Unterdessen rechnet Morgan-Stanley-Vizechef Walid Chammah nicht mit einem schnellen Ende der Finanzkrise. Wahrscheinlich werde sie erst „zwischen dem nächsten Jahr und 2010“ beendet sein, sagte Chammah dem „Handelsblatt“ (heutige Ausgabe). Eigenkapitalrenditen von 25 Prozent gehören nach seiner Einschätzung erst einmal der Vergangenheit an. „Ich rechne in der Branche in der Regel eher mit Renditen von 15 bis 20 Prozent“, sagte er.

Die weltweite Führungsrolle der großen US-Banken sieht Chammah auch nach der Krise nicht gefährdet. Die Reichweite der US-Banken sowohl nach Regionen als auch Produkten sei weltweit immer noch herausragend.
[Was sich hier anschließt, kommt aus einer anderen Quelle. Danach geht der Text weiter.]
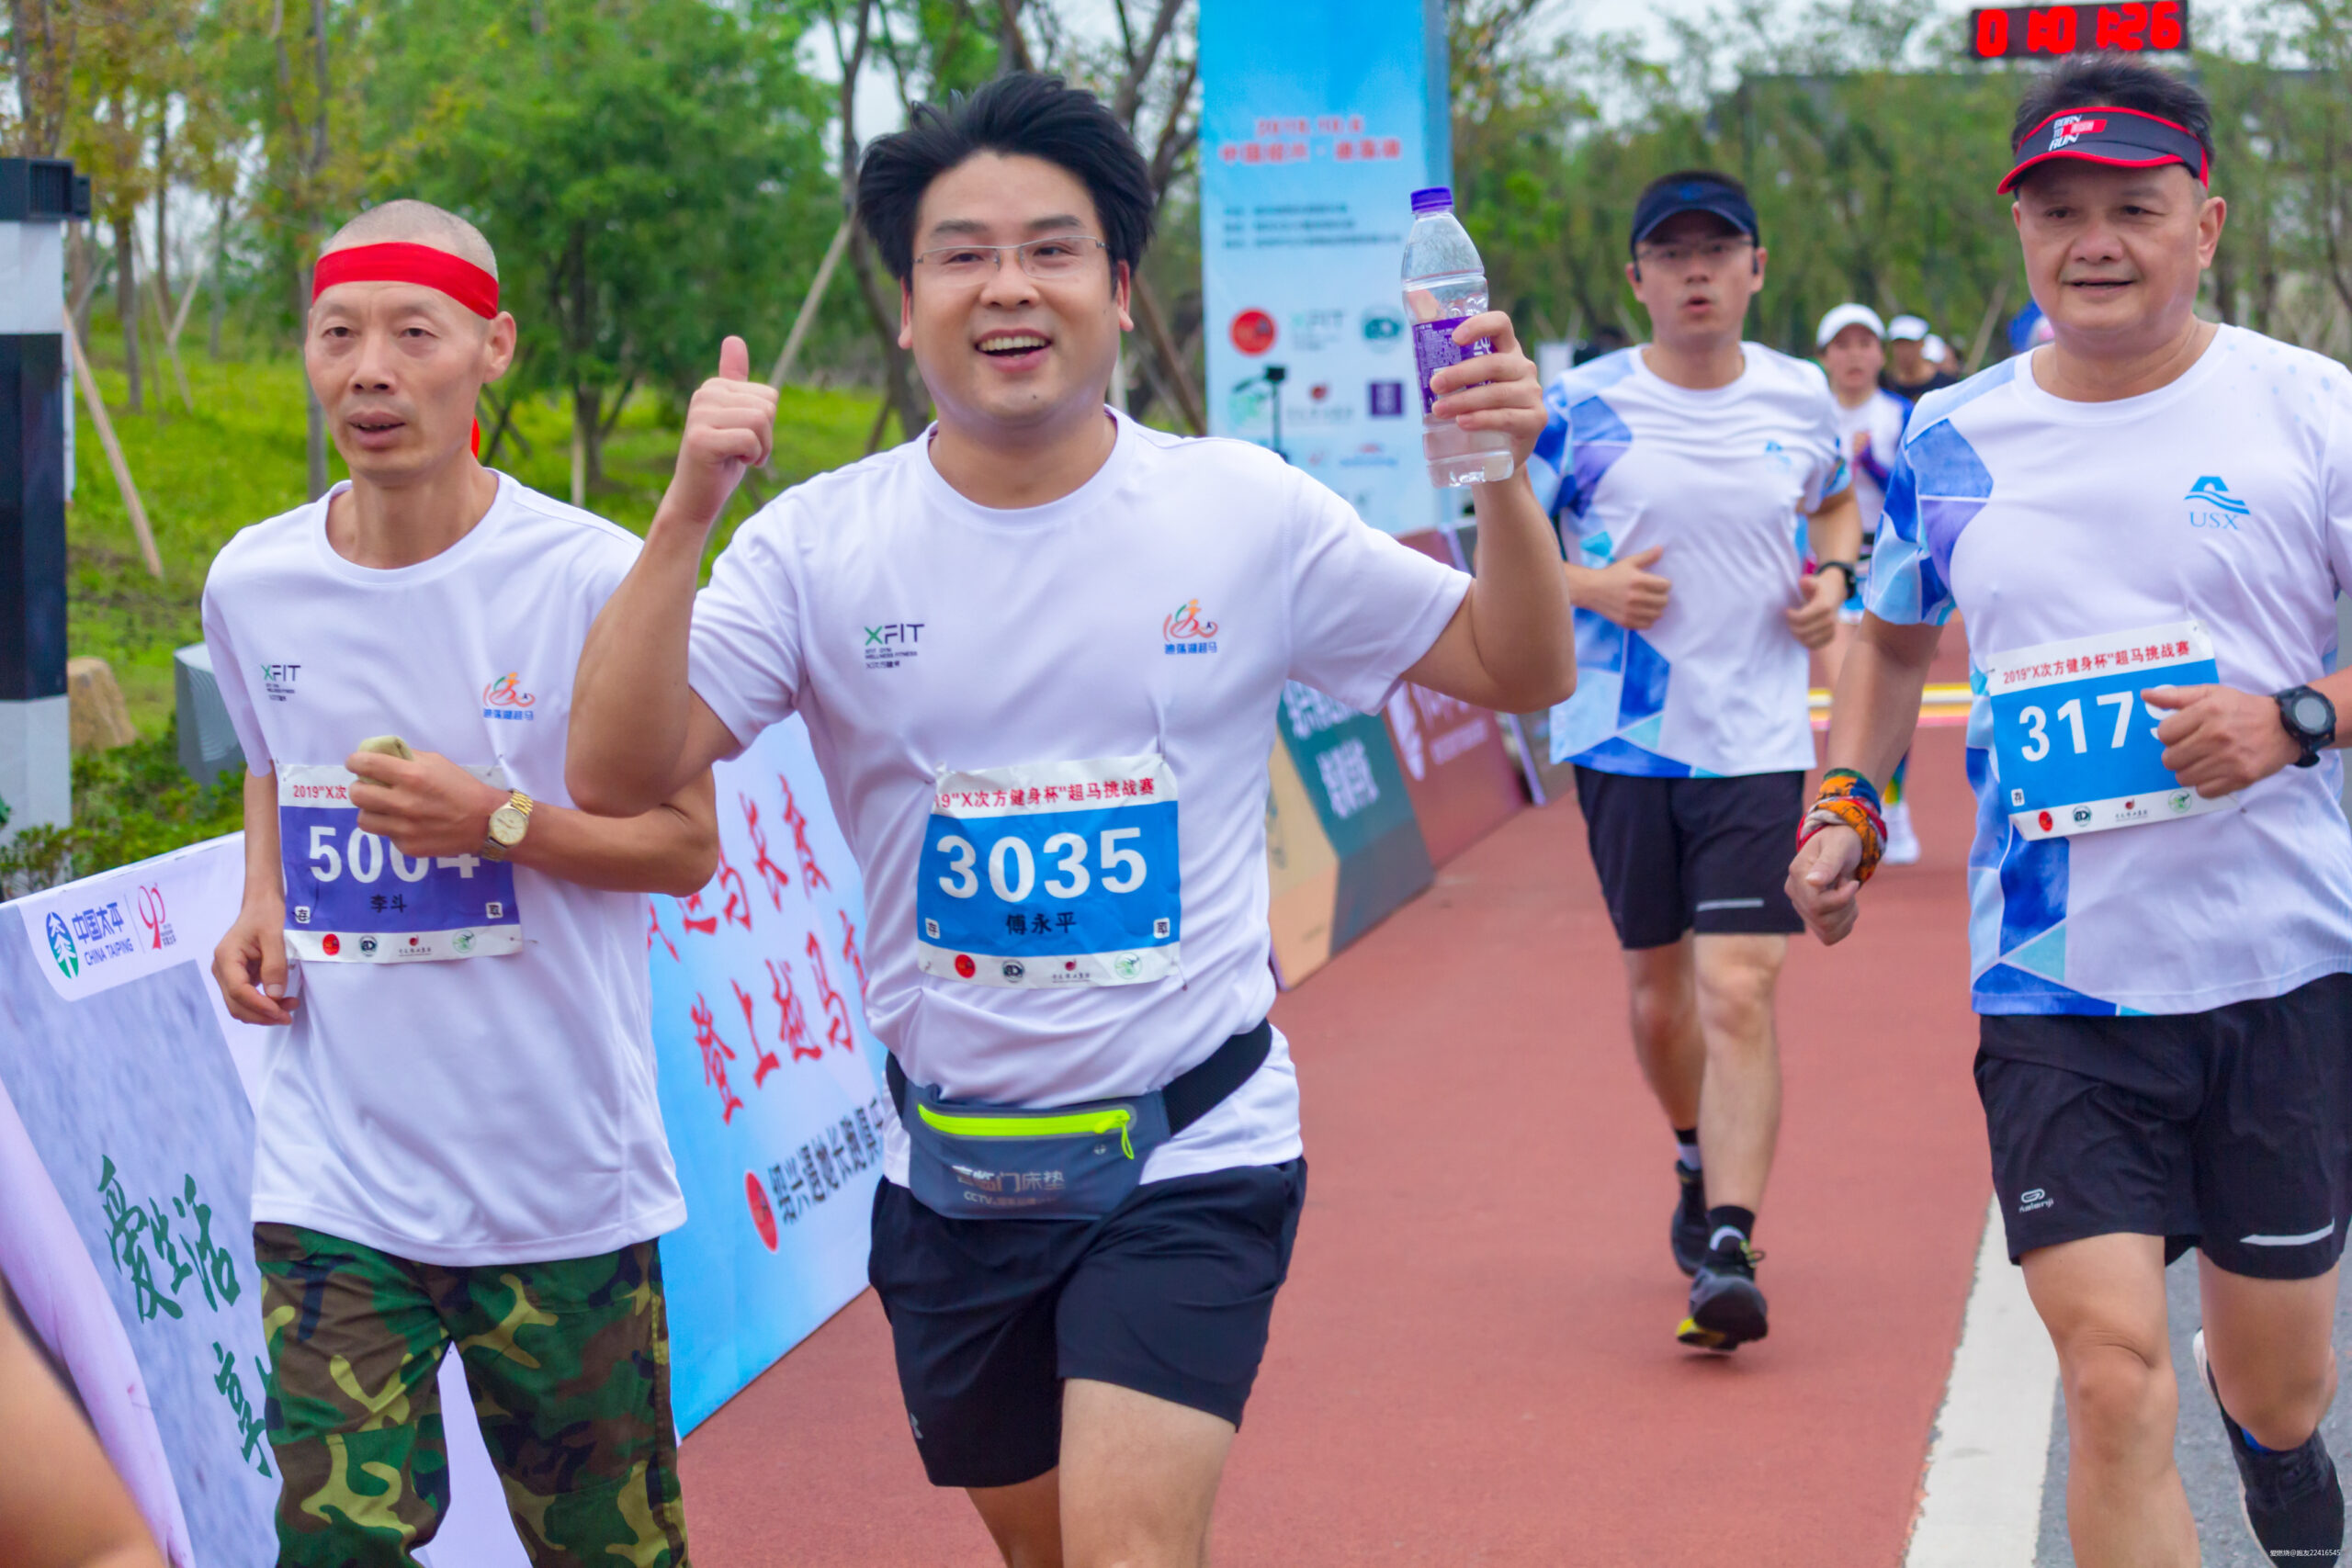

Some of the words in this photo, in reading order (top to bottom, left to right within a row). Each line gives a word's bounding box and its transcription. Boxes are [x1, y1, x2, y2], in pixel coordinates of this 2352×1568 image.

[2189, 512, 2240, 530] USX
[865, 624, 924, 645] XFIT
[261, 665, 301, 681] XFIT
[935, 827, 1148, 902] 3035
[370, 894, 408, 913] 李斗
[72, 902, 124, 944] 中国太平
[85, 948, 107, 966] CHINA
[106, 937, 134, 959] TAIPING
[97, 1154, 241, 1324] 爱生活
[213, 1341, 274, 1479] 享
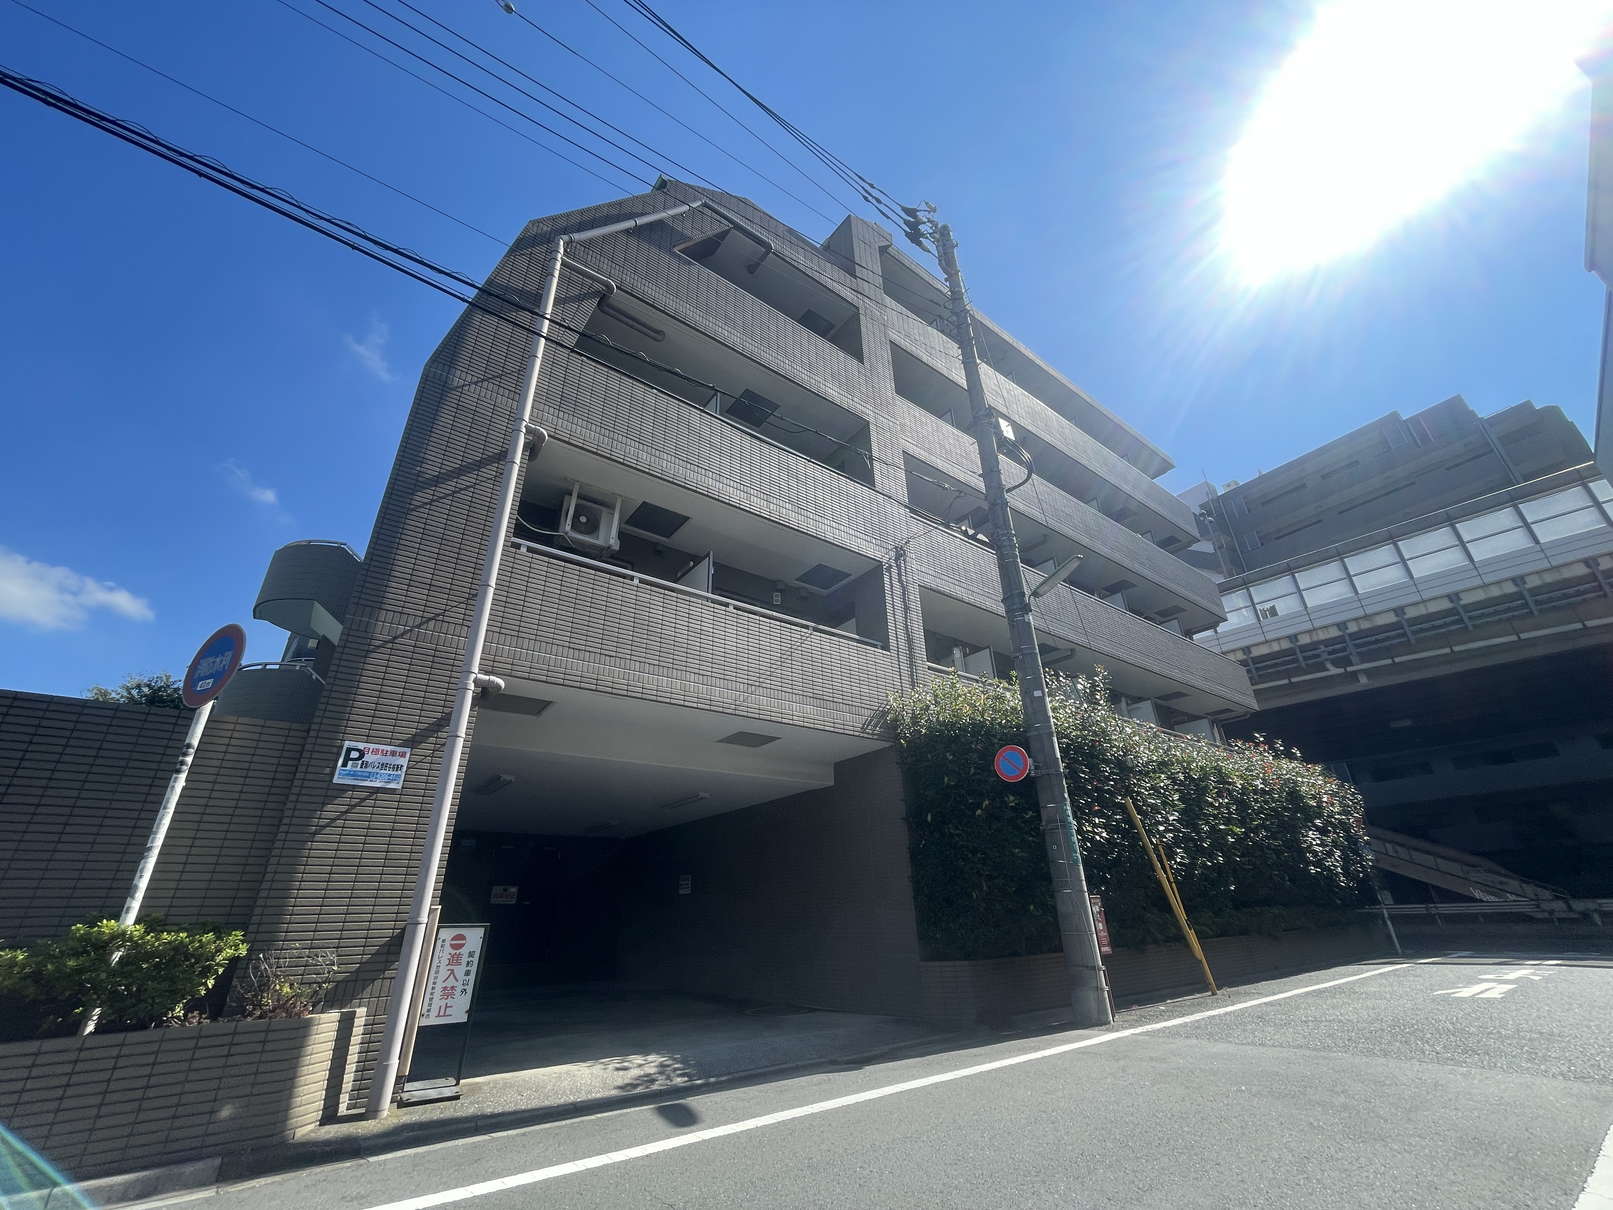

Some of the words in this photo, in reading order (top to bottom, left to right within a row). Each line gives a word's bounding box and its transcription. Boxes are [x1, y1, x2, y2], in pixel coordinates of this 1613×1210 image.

Die asiatischen Banken spielten zwar eine immer wichtigere Rolle im internationalen Bankgeschäft. „Aber sie befinden sich noch in einer frühen Entwicklungsphase. Sie haben die Größe, besitzen die notwendige Marktkapitalisierung, benötigen aber noch Fähigkeiten, um ausgefeilte Bankgeschäfte auf höchstem Niveau anzubieten“, sagte Chammah.

Der Vizechef der US-Bank Morgan Stanley, die bisher vergleichsweise gut durch die Krise gekommen ist, erwartet jedoch weitere Bankenzusammenbrüche. „Wir werden wohl mehr Pleiten von kleinen US-Regionalbanken sehen, die sich auf das Hypothekengeschäft konzentriert haben“, sagte Chammah.